The Along Come Norwich Season Preview 2020/21

04/09/20

It’s finally time for the Along Come Norwich season preview! Where we attempt to expunge the last six months from our brains and return to the, ahem, optimism that only a pre-season can provide. Here’s Nick Hayhoe, Maddie Mackenzie, Ffion Thomas, Adam Brandon, Jon Punt and Terri Westgate with the words:

What would you like to see Farke do differently this season?

Nick: Look, let’s face it with no romanticism and no messing about, we were absolutely dreadful after lockdown and at times it was up there with the worst I have ever seen Norwich play. Not only were we getting rolled over literally every match, we looked so out of our depth I often wondered at times if we will actually be able to recover from it for several seasons. A perfect storm of Lots of Bad Things all came together at once. There was the bad luck of course (lockdown removing home advantage, injuries etc etc) – but also player confidence being shot to pieces, a manager scrambling to recover from bizarre tactical errors, some bad signings and very poor individual performances. Fortunately Farke has already done what he needed to do differently, simply freshening the place up with some new faces and a ludicrous squad depth. The learning experience tactically will have been a tremendous one for him, and he’s the sort of man who will learn properly from the whole grim saga – rather than place blame on others and look to bail like some other managers may have considered. In fact, if you think about it, staying around to rectify it all speaks volumes about the man and his backroom team.

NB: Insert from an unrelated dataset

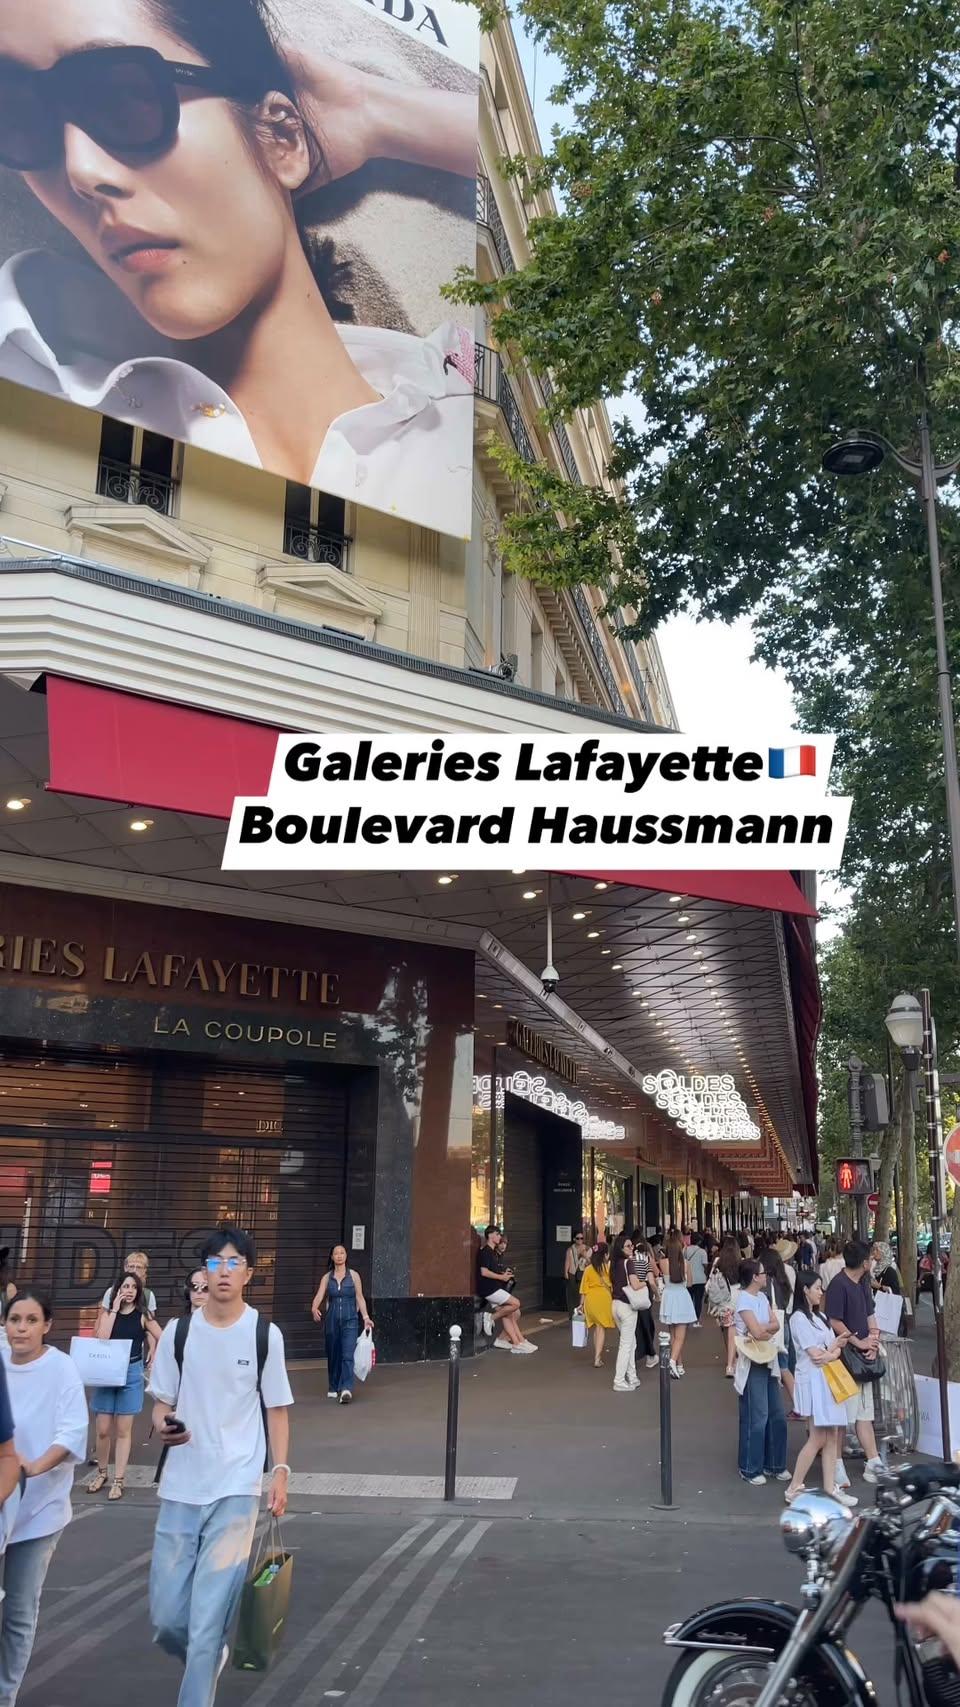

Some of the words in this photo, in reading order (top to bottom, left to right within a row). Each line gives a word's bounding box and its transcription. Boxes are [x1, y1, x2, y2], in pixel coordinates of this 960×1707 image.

Maddie: Fashion-wise I’d like to see him change it up. The parka’s his trademark, yes, but it’s also a symbol of the old era. According to the messages coming from the club we’re meant to be putting the last few years behind us and his choice of coat needs to reflect this – I think he’d suit a nice duffle coat, obviously with an ACN badge on the collar. I know he’s superstitious when it comes to his coat but I think after last season he needs to admit that it’s lost its luck. If we’re talking football I’ll go for the obvious answer, which is to be a bit more active with his substitutions. Despite his first three seasons all being completely different to one another, his attitude to substitutions has been fairly consistent, so I’m interested to see if a year’s experience in the Premier League and a greater level of squad depth will have changed that at all.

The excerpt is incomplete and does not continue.